For hearts and minds

THE HEART ATTACK RECOVERY PLAN: the positive approach to managing your lifestyle
David Symes
THE STROKE RECOVERY PLAN: a practical guide to getting better at home
RL Hewer, D T Wade
Vermilion, 1996, £8.99 each

These two books arrived for review two days after my father had had a stroke. This meant I examined at least one of them as something of a consumer. The Stroke Recovery Plan offers a comprehensive and readable account of what strokes are, how they affect their victim and what can be done to best survive them. But the first 70-odd pages of this book are (readable) physiology, and I know that the parts my family found important were the later pages, which detail practical help and ideas.

Although the information in this book is easy to read and very useful, including contact addresses, its very comprehensiveness might stop it from being the book you would offer to a family newly coping with a stroke patient.
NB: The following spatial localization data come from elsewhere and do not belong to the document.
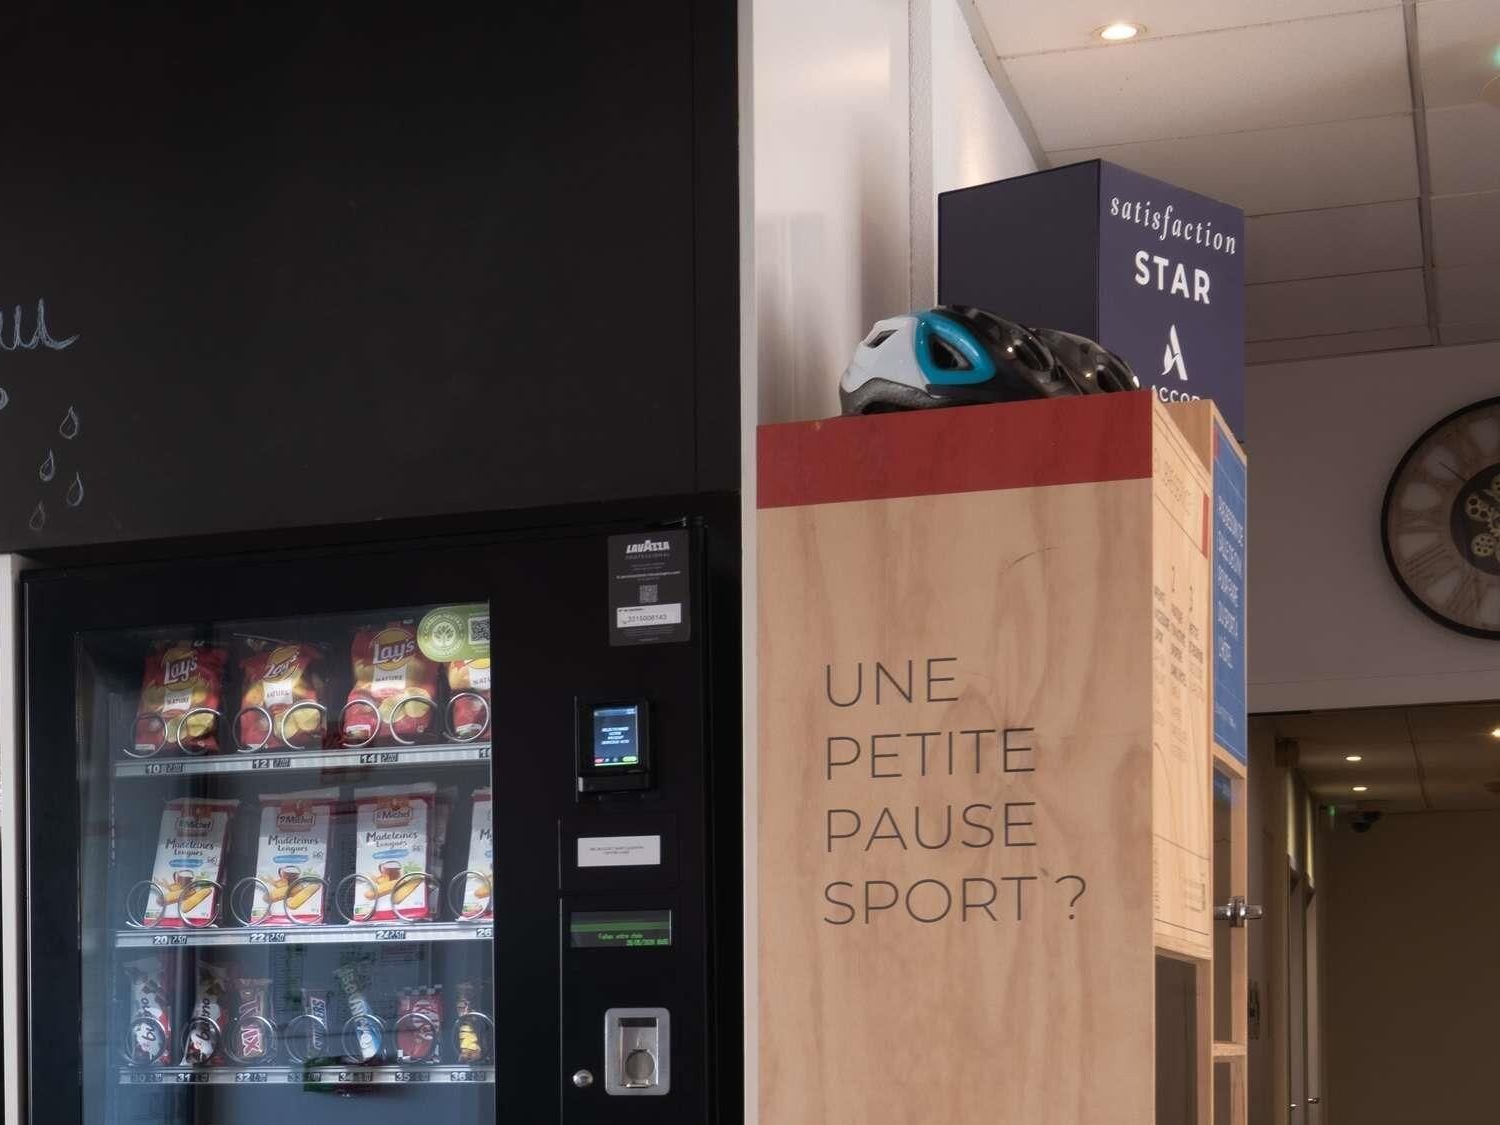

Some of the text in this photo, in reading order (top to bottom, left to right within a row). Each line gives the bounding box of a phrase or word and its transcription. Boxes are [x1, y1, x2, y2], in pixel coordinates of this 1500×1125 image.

[1110, 197, 1237, 255] satisfaction
[1135, 250, 1210, 304] STAR
[1152, 385, 1200, 402] CCO
[372, 639, 416, 665] Lay's
[163, 656, 199, 685] Lay's
[826, 657, 959, 708] UNE
[826, 727, 1036, 781] PETITE
[826, 802, 1037, 853] PAUSE
[366, 831, 419, 843] Madeleines
[824, 875, 1086, 925] SPORT ?
[153, 935, 168, 944] 20
[250, 933, 267, 943] 22
[376, 930, 389, 939] 24
[177, 1073, 190, 1082] 31
[236, 1073, 250, 1082] 32
[395, 1072, 410, 1081] 35
[451, 1072, 466, 1081] 36
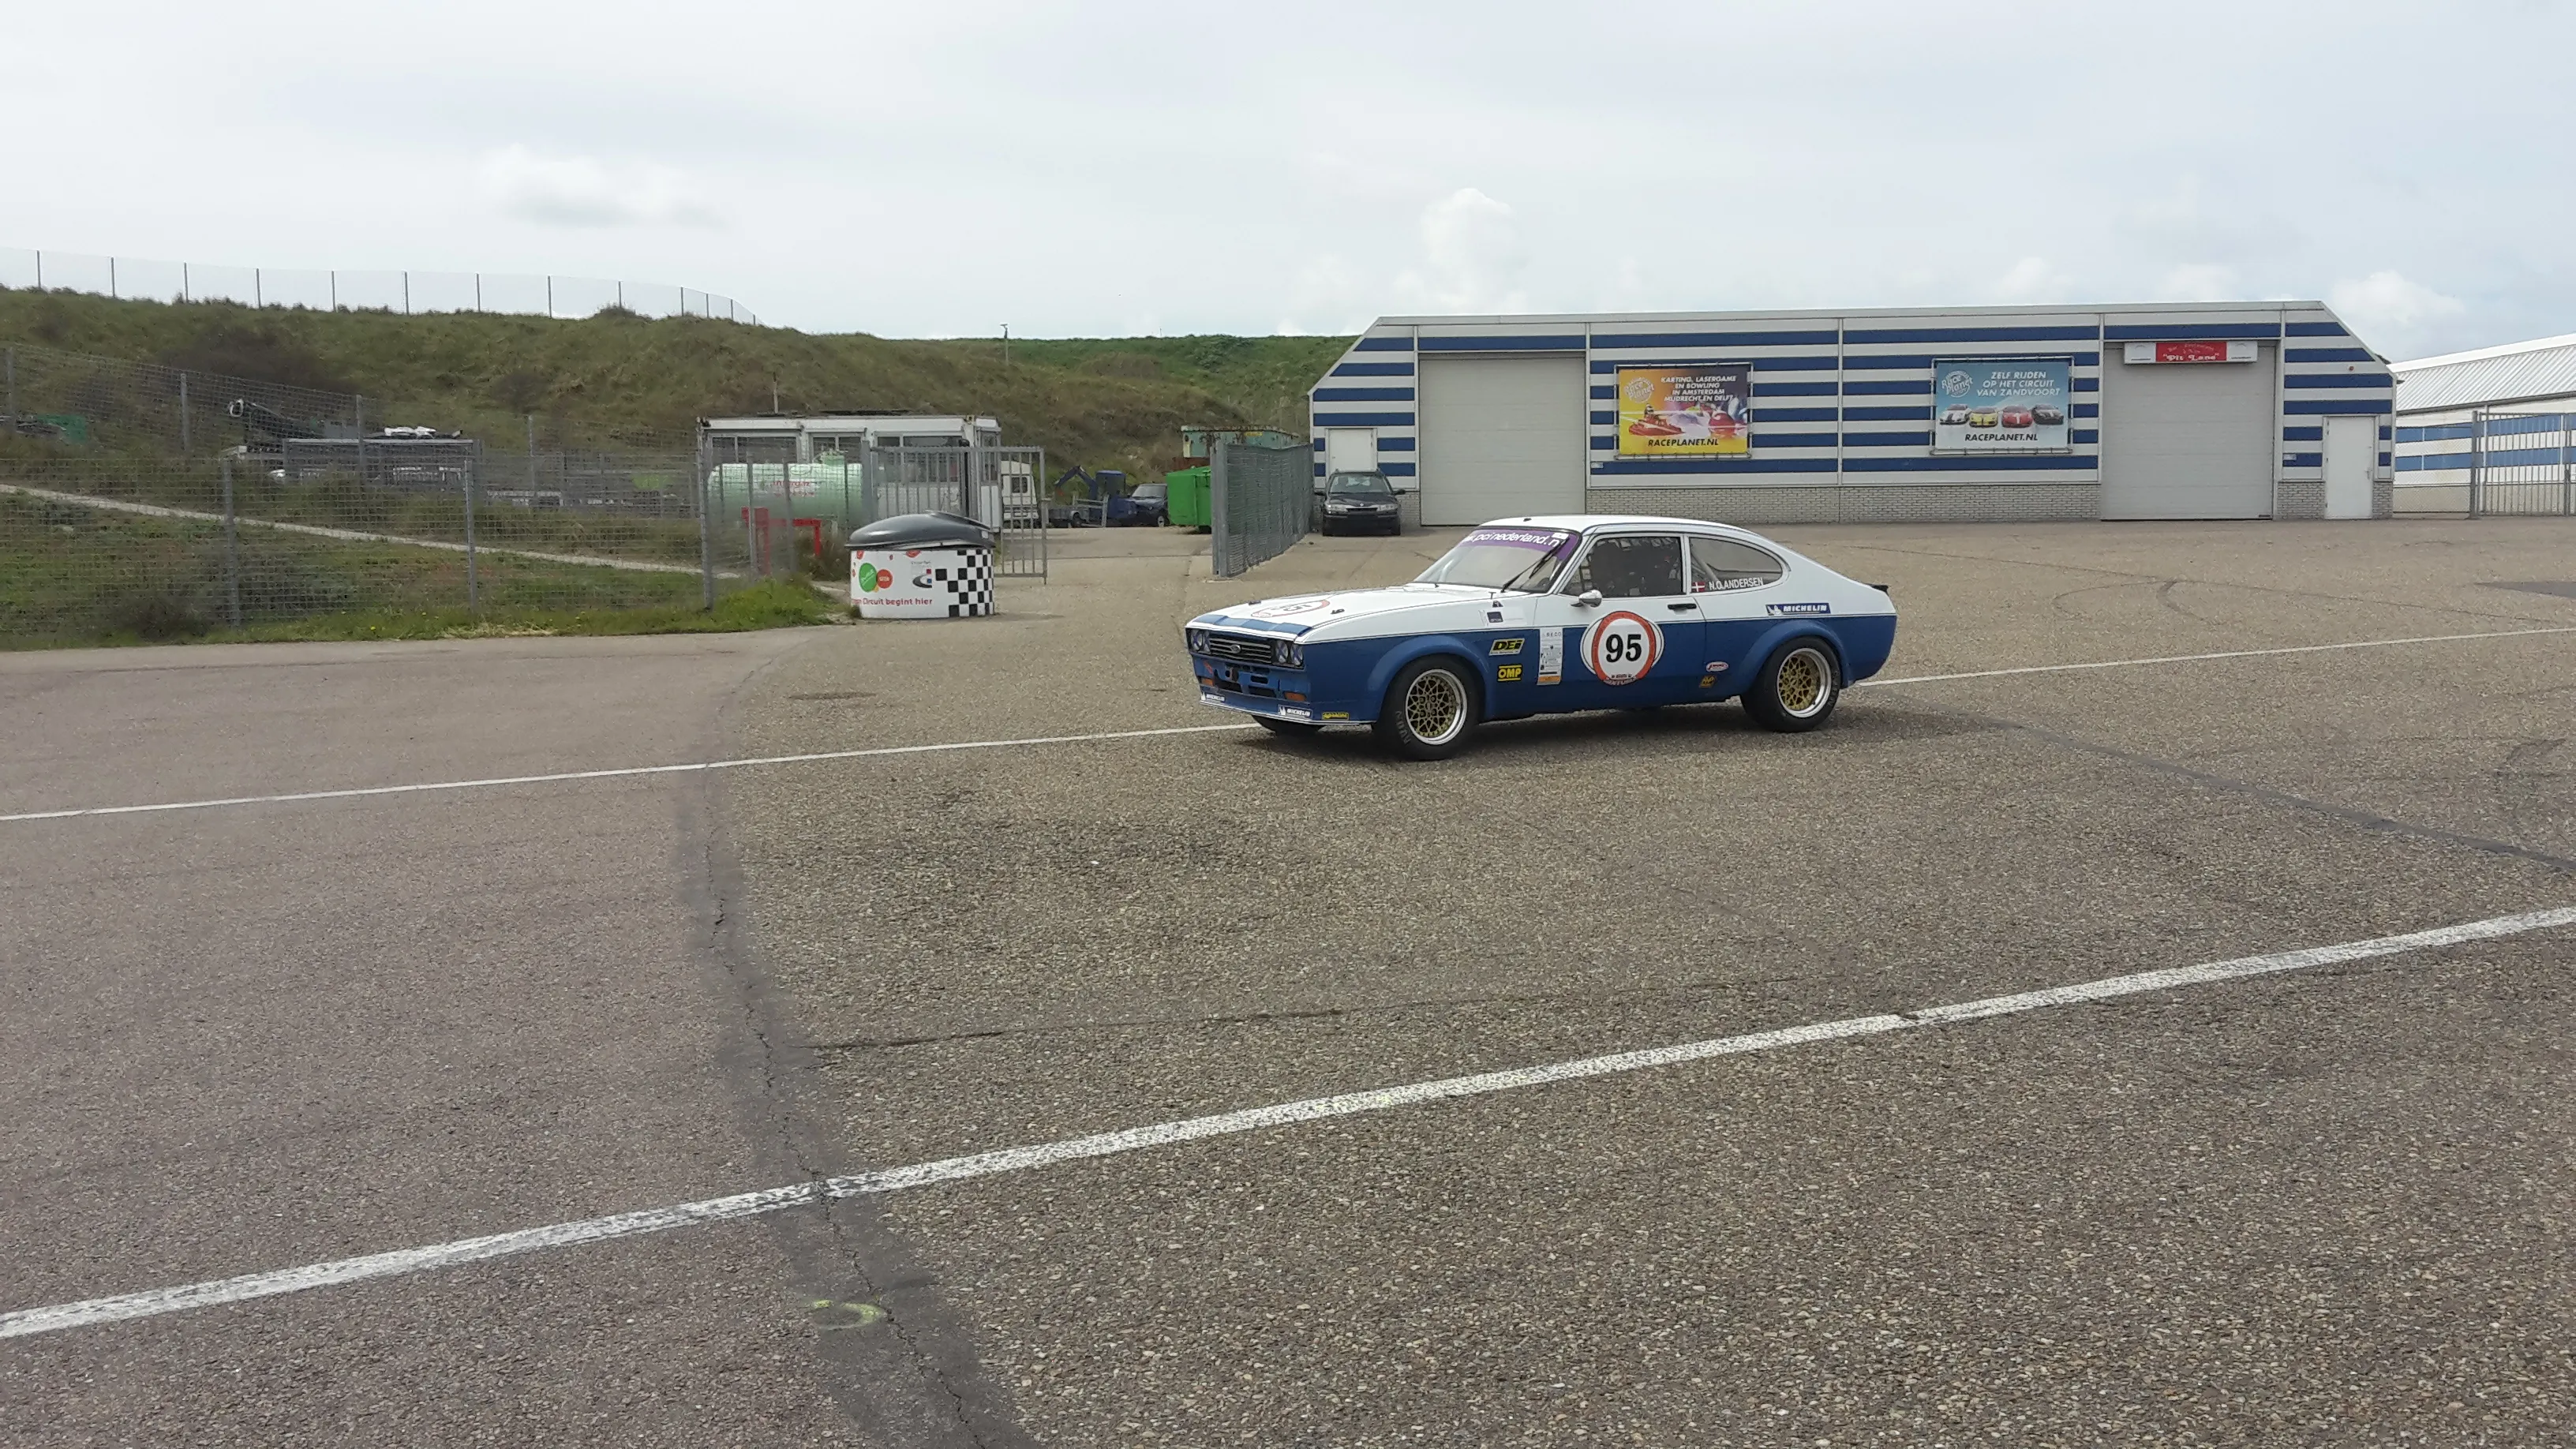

Some sections were very informative, but others seemed to raise worrying questions, especially for the lay person, which may never need to be answered or even worried about.

The Heart Attack Recovery Plan is extremely wide ranging in its approach. Its title suggests that it concentrates upon recovery, but in fact it goes further. Several sections deal with how to prevent heart attacks, and are aimed at anyone ‘living with the risk of heart attack in the family’. These include stress and its management, healthy diet and good nutrition, and a positive use of leisure time. A great deal of information is included in this book, and probably those recovering from heart attack and their families could benefit from all its sections. I did offer it to a young person who is (genetically) ‘living with the risk of heart attack’, but received a polite but firm refusal. I’m sure the author would understand the positive approach of someone with a heart defect who did not want to read about possible outcomes at this stage in their life. A pity, yet understandable.

Both books can be highly recommended to anyone wanting to know more, whether personal or professional. They could benefit both carers and educators who wish to widen their knowledge of the subjects and help other people survive a worrying time.